Sebagai informasi, konferensi internasional tersebut merupakan kerja sama Kementerian Pariwisata dan Ekonomi Kreatif (Kemenparekraf) dan Harian Kompas. Konferensi ini menghadirkan sejumlah pakar dari berbagai latar belakang keilmuan, seperti geologi, ekowisata, budaya, fesyen, musik, dan kuliner.
Indyo menjelaskan, Kaldera Toba dikategorikan supervolcano karena memuntahkan material lebih dari 2.800 kilometer (km) kubik sehingga berdampak dahsyat terhadap perubahan iklim dunia.

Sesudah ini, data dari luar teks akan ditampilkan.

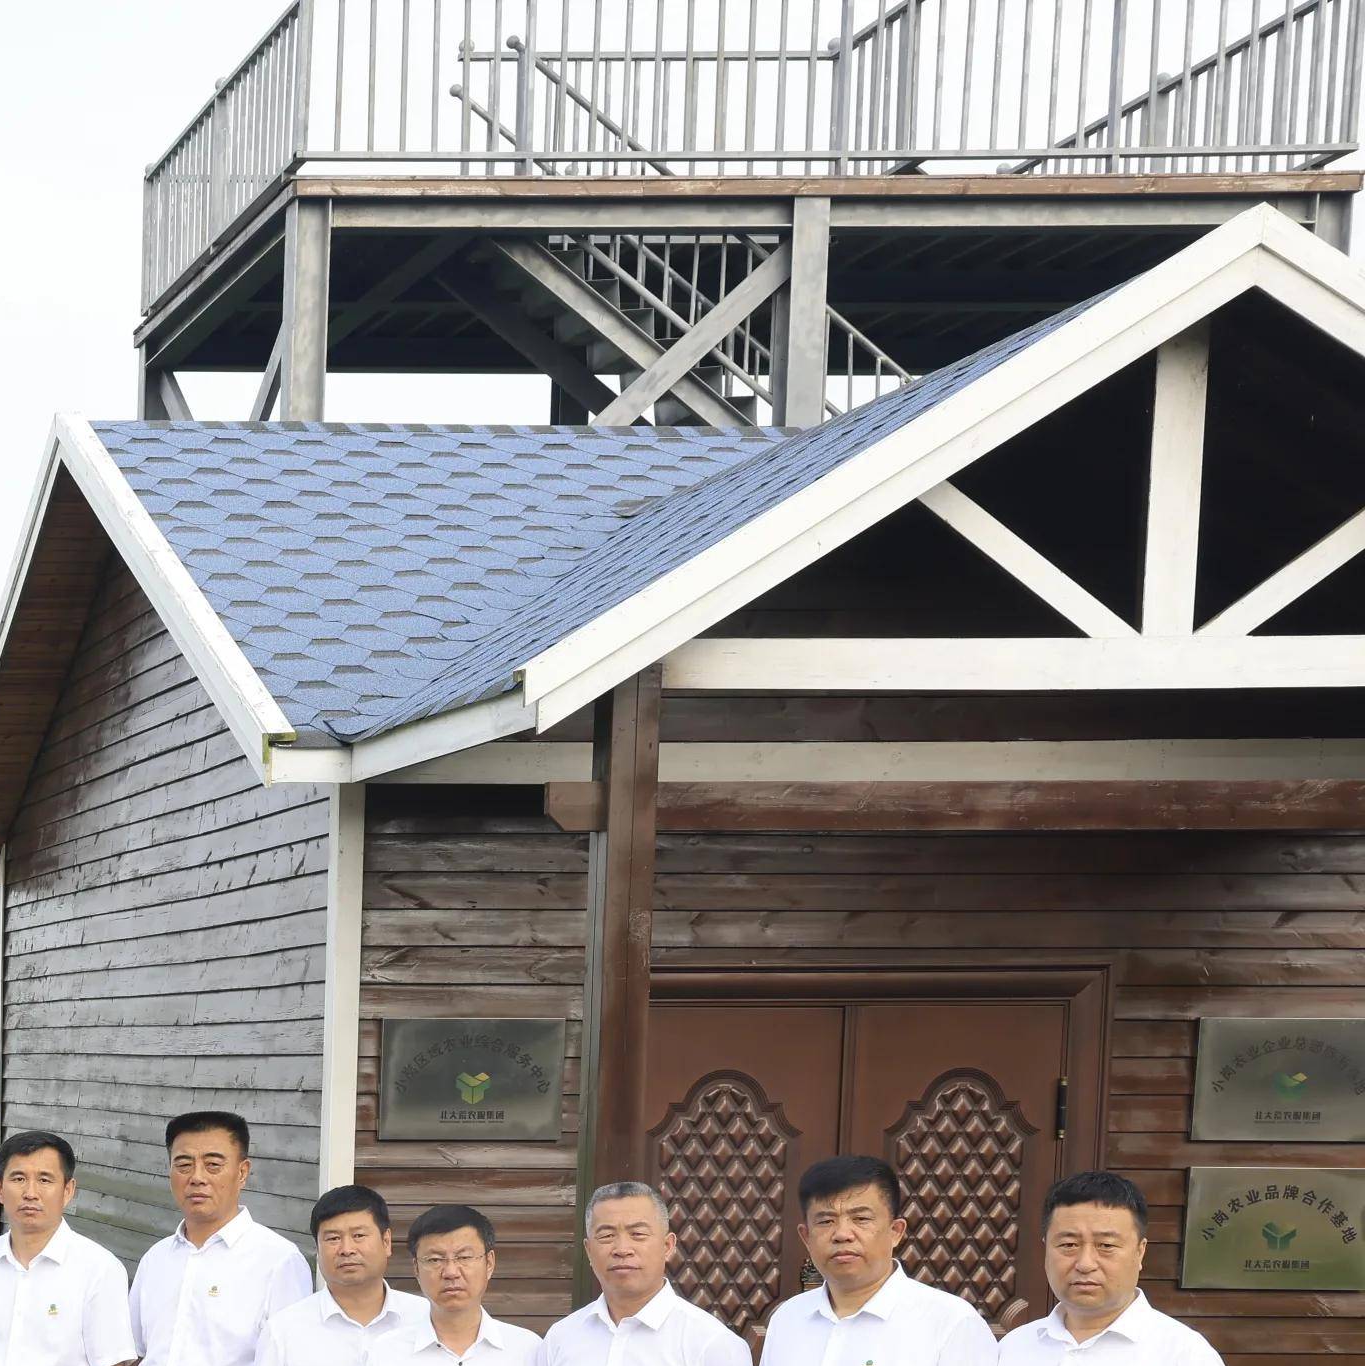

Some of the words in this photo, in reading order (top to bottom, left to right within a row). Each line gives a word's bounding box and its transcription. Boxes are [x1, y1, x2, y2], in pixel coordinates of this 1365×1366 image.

[1201, 1184, 1357, 1244] 小岗农业品牌合作基地

“Erupsi Gunung Toba menghasilkan asap yang menembus lapisan stratosfer dan volcanic winter yang menjangkau Asia Timur, Asia Tengah, (bahkan) hingga Afrika Timur. Akibat abu vulkanik, suhu bumi turun hingga 5 derajat Celcius,” terang Indyo.
Tak hanya berdampak terhadap perubahan iklim, letusan kompleks Gunung Toba yang dinamis menyisakan jejak-jejak geologi di sekitar Danau Toba.
Hal itu bisa dilihat pada lapisan-lapisan permukaan perbukitan yang terdapat di kawasan Toba.
“Corak permukaan dinding bukit yang terlihat seperti susunan kue lapis merupakan hasil endapan atau proses sedimentasi terangkatnya permukaan Pulau Samosir kala itu. Ini adalah museum alam yang bisa dilihat wisatawan untuk mengenal sejarah Kaldera Toba,” terang Indyo.
Alam perlu bicara
Merespons uraian Indyo terkait pembentukan Kaldera Toba, ahli ekowisata IPB University Profesor Harini Muntasib mengatakan, kisah panjang Gunung Toba berpotensi untuk dioptimalkan sebagai materi branding ke kancah dunia.
“Dalam konteks ekowisata, alam perlu bicara kepada wisatawan. Potensi alam Danau Toba tak sekadar untuk dilihat, tapi juga dirasakan dan diketahui jejak tapaknya,” tutur Harini.
Menurut Harini, hal itu bisa dilakukan pemerintah dengan membangun narasi Danau Toba sebagai bagian dari branding pariwisata. Salah satunya dapat dituangkan dalam bentuk film dokumenter.
“Kalau difilmkan, pengunjung bisa ikut merasakan kehebatan letusan Gunung Toba kala itu, mulai dari sebelum terjadinya letusan hingga terbentuknya Danau Toba. Narasi demikian akan membuat takjub masyarakat dunia sehingga mereka tahu bahwa Danau Toba merupakan bagian dari letusan gunung terbesar dunia,” jelas Harini.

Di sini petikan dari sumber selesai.